Amid multiple risks, how XIABUXIABU can break through and rejuvenate itself has attracted much attention. In response, XIABUXIABU stated that in the face of market changes, the company is taking measures from various aspects, including optimizing the supply chain to lower average procurement prices; implementing a new logistics center to reduce delivery costs; expanding into takeout services; and closing inefficient restaurants.

At the same time, market policies are also actively injecting a "stimulus" into the dining industry.

Previously, cities like Shanghai and Chengdu actively issued dining consumer vouchers to invigorate the dining market. At the regular press conference of the Ministry of Commerce held on March 13, the spokesperson stated that this year, the Ministry of Commerce will cooperate with relevant departments to carry out the "Chinese Cuisine Festival" in 2025, themed "Enjoy Chinese Cuisine, Create a Better Life," launching over 120 special dining promotional activities, guiding various regions to combine traditional festivals, peak consumption seasons, movie prime times, major events, and cultural activities to create a matrix of dining consumption activities, cultivating new hotspots for dining consumption.
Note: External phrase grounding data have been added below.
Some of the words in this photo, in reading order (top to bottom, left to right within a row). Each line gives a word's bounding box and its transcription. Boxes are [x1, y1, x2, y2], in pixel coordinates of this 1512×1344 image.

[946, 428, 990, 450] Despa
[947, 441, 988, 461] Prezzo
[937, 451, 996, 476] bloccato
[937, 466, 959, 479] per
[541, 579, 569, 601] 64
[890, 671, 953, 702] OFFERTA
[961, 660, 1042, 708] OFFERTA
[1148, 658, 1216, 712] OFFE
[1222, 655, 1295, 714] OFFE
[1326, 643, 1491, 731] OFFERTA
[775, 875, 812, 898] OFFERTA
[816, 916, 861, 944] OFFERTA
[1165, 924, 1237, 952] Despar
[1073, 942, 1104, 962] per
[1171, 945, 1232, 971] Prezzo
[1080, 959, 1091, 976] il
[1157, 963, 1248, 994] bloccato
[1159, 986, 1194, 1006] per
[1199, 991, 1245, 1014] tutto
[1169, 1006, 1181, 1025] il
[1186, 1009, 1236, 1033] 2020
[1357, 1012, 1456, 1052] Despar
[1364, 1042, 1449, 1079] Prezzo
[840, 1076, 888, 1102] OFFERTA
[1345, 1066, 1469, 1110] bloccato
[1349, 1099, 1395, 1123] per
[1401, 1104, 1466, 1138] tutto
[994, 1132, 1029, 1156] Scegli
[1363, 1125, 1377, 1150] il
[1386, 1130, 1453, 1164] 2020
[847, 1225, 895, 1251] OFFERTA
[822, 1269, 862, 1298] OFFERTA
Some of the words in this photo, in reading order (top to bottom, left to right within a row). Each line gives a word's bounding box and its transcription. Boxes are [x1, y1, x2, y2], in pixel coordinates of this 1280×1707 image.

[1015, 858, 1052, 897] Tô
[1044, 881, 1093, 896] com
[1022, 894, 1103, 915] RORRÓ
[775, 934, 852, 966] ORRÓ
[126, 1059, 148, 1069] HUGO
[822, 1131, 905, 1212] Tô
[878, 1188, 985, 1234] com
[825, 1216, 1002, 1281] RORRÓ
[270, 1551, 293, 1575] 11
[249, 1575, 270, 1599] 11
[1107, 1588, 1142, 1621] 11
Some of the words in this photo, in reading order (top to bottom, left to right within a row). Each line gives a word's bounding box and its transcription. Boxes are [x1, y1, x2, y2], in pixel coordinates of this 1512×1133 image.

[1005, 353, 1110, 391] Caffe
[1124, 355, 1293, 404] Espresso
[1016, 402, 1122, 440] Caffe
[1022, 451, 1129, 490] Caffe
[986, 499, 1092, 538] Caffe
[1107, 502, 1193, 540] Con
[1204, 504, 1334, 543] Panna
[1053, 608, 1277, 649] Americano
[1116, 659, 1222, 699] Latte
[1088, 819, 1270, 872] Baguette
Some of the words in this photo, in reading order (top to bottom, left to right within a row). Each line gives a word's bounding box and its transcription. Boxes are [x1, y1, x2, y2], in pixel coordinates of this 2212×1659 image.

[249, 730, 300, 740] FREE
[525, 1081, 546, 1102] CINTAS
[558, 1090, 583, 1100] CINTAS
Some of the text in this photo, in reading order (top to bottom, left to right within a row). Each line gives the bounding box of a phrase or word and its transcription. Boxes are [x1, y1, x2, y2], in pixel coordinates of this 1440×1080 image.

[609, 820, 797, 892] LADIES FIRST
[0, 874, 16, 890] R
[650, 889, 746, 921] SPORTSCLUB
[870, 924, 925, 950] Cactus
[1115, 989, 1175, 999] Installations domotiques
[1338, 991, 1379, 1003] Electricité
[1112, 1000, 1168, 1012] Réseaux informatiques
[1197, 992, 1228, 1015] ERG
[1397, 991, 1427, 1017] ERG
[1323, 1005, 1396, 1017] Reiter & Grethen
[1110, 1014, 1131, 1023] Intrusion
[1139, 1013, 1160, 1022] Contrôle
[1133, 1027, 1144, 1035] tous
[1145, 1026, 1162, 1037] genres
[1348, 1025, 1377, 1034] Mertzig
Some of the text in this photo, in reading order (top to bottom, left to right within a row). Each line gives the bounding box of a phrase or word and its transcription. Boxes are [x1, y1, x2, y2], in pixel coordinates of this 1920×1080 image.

According to Research Reports from CITIC SEC, the central government has a clear emphasis on domestic demand, and dining, as a representative of cyclical sectors, directly benefits and has a significant rebound potential. Leading brands in the terminal dining segment have been the first to raise prices, reflecting a generally stable competitive landscape, with a low likelihood of intensified price wars. Dongxing stated that dining consumption is expected to boost. There is optimism regarding future policies promoting reforms in the consumer environment, trading environment, and policy environment, as well as overall improvements in the performance of the food and beverage industry. Particularly in dining consumption, with the implementation of plans, consumption related to tourism, shopping in business districts, and offline experiences will see a boost, having a noticeable pull on dining consumption. At the same time, it is anticipated that local consumption subsidies will further enhance subsidies for dining, which will provide positive help to the dining industry.

Overall, XIABUXIABU's performance is under pressure, and its former main brand "Cou Cou" has become a burden on the company’s performance. With policies pushing the industry towards positive development, the external growth environment for XIABUXIABU looks promising. However, whether the company can seize the opportunity and successfully turn around remains a point of further attention for investors.

Editor/rice

The translation is provided by third-party software.